O secretário-geral do PCP defendeu hoje, explicitamente, a nacionalização do Novo Banco no debate parlamentar quinzenal com o primeiro-ministro, António Costa, o qual disse conservar uma "atitude aberta" para a "solução que melhore protege os contribuintes".
"Quantos mais milhares de milhões de euros é preciso o Estado injetar nesses bancos?", questionou o líder comunista, garantindo que "não haverá banca nacional se não for pública" e que "ainda há tempo e solução": através da "concretização da nacionalização, em definitivo, do Novo Banco".
O chefe do Governo socialista, sublinhando que "a preocupação sobre a estabilidade do sistema financeiro é algo que preocupa a todos", recusou, como outros executivos anteriores, "deixar andar e esperar que os problemas se resolvam por si", pois "é necessário agir", tendo em conta a conjuntura.
"Devemos manter uma atitude aberta perante as soluções que existem para tomar uma decisão com um critério fundamental - a que melhor protege os contribuintes e a estabilidade do sistema financeiro e o financiamento da nossa economia", disse, além de voltar a concordar com o Presidente da República, Marcelo Rebelo de Sousa, sobre a necessidade de "evitar que possa haver domínio exclusivo de uma nacionalidade [espanhola] no sistema bancário".
O primeiro-ministro prometeu ainda lutar "a todo o custo" pelo "pilar necessário" em que consiste a Caixa Geral de Depósitos, "100% pública e fortemente capitalizada para ter condições de agir" e garantir a estabilidade do sistema.

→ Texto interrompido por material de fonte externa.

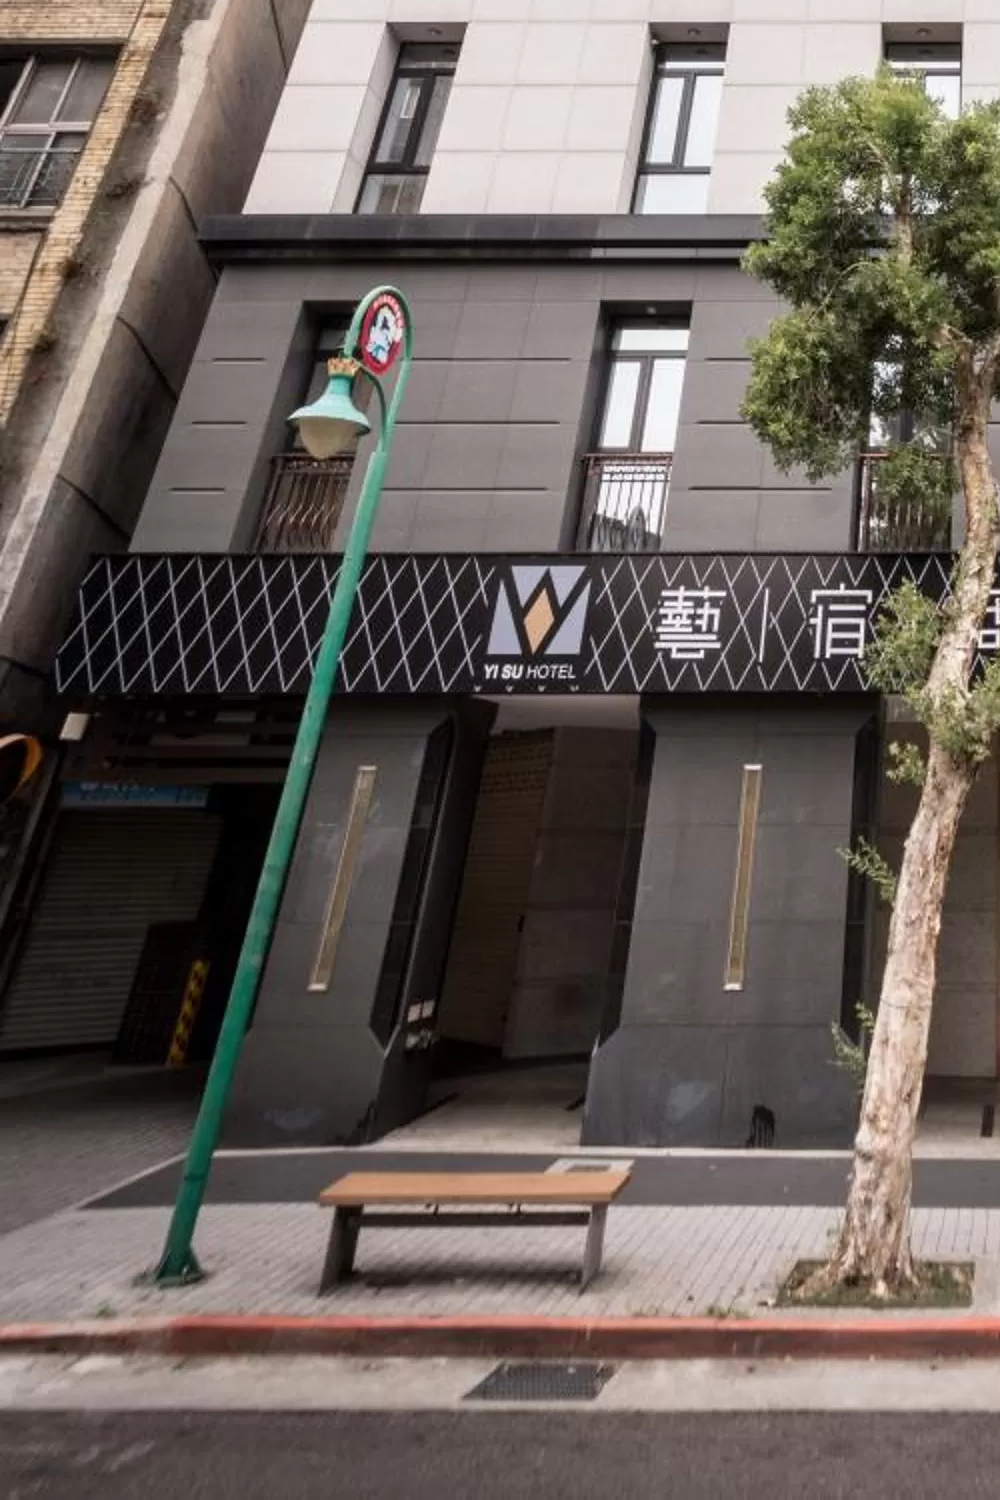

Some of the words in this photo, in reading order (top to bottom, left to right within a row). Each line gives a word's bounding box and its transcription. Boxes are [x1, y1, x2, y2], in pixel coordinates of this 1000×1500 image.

[484, 664, 499, 679] YI
[501, 664, 523, 679] SU
[525, 664, 576, 679] HOTEL

Antes, Jerónimo de Sousa criticara o relatório da Comissão Europeia, considerando-o um "instrumento de aberta interferência e ingerência nas matérias macroeconómicas dos estados", do qual "o anterior Governo PSD/CDS foi um entusiasta executor", lamentando que "o rumo" que Bruxelas quer continuar a impor seja "o mesmo que trouxe problemas" atuais a Portugal, "particularmente no plano económico e social".
"A natureza e objetivos [do Plano Nacional de Reformas e do Programa de Estabilidade] devem ser garantir o desenvolvimento soberano, uma política liberta de fatores externos e capaz de pôr Portugal a produzir a ritmos que não podem ser os da última década e meia", desejou o líder do PCP.
António Costa contrapôs que aquilo que há a fazer é "olhar para o relatório, na sua diversidade, e construir a estratégia que se ajusta", designadamente quanto ao aumento das qualificações, no combate à emigração e ao desemprego de longa duração, o fomento da inovação empresarial e diminuição do sobre-endividamento das empresas.
"Não pode ser uma fatalidade e a única hipótese de diálogo com a Comissão Europeia passar por seguir a política que a direita prosseguiu e que o povo português rejeitou", disse.
Jerónimo de Sousa confessou que "conforta" ouvir um primeiro-ministro a "dizer isso", mas aquilo que não faz descansar o PCP "é a Comissão Europeia que, fazendo o diagnóstico, diga que a receita é a mesma".